Image-backed grounding data
*****

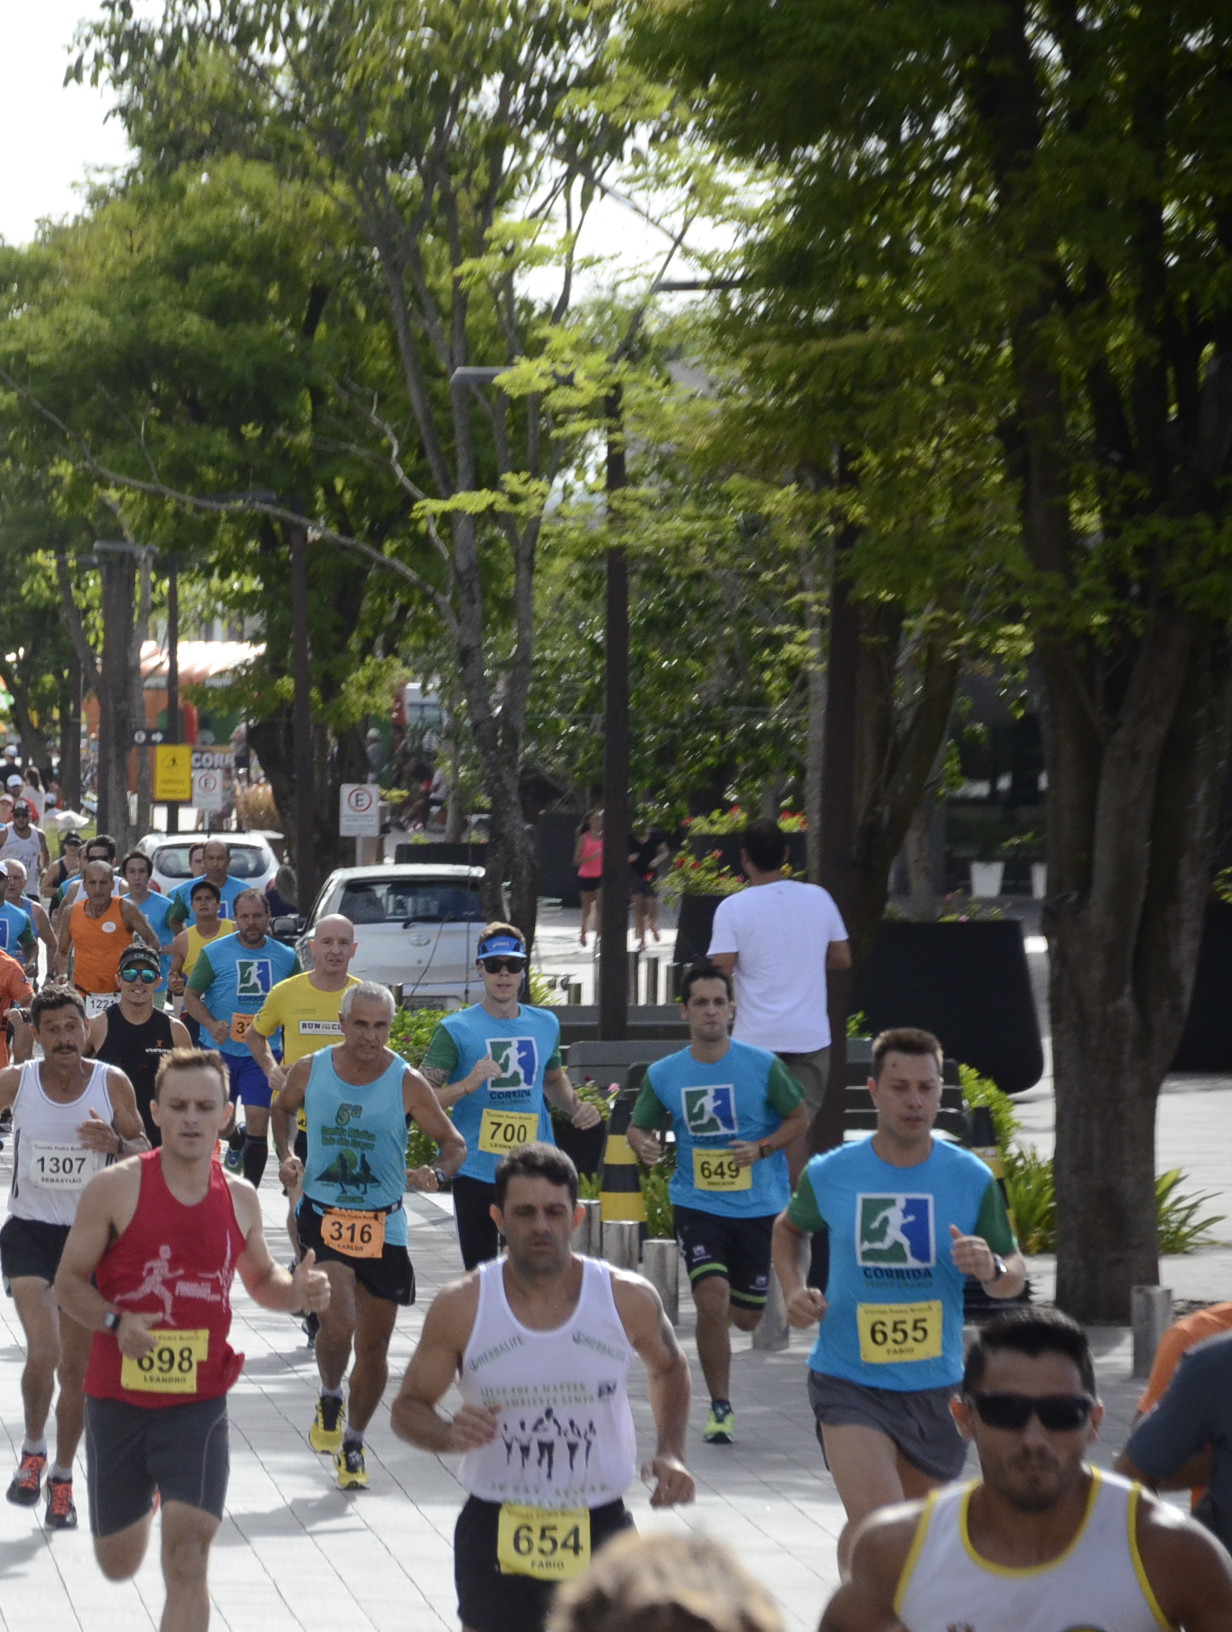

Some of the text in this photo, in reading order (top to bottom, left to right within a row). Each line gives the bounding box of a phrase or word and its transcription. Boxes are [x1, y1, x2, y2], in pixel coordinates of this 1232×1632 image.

[355, 793, 365, 807] E
[301, 1022, 321, 1030] RUN
[490, 1121, 528, 1143] 700
[36, 1156, 87, 1174] 1307
[700, 1161, 741, 1179] 649
[40, 1176, 82, 1184] SEBASTIÃO
[329, 1221, 373, 1244] 316
[864, 1266, 933, 1280] CORRIDA
[870, 1318, 928, 1346] 655
[137, 1347, 194, 1373] 698
[477, 1335, 525, 1367] HERBALIFE
[143, 1375, 186, 1384] LEANDRO
[512, 1524, 584, 1557] 654
[531, 1560, 565, 1570] FABIO

*****

> WHAT YOU SHOULD DO: For this exercise, transcribe the entries above exactly, without any pictures.

> RESULT:
Some of the text in this photo, in reading order (top to bottom, left to right within a row). Each line gives the bounding box of a phrase or word and its transcription. Boxes are [x1, y1, x2, y2], in pixel coordinates of this 1232×1632 image.

[355, 793, 365, 807] E
[301, 1022, 321, 1030] RUN
[490, 1121, 528, 1143] 700
[36, 1156, 87, 1174] 1307
[700, 1161, 741, 1179] 649
[40, 1176, 82, 1184] SEBASTIÃO
[329, 1221, 373, 1244] 316
[864, 1266, 933, 1280] CORRIDA
[870, 1318, 928, 1346] 655
[137, 1347, 194, 1373] 698
[477, 1335, 525, 1367] HERBALIFE
[143, 1375, 186, 1384] LEANDRO
[512, 1524, 584, 1557] 654
[531, 1560, 565, 1570] FABIO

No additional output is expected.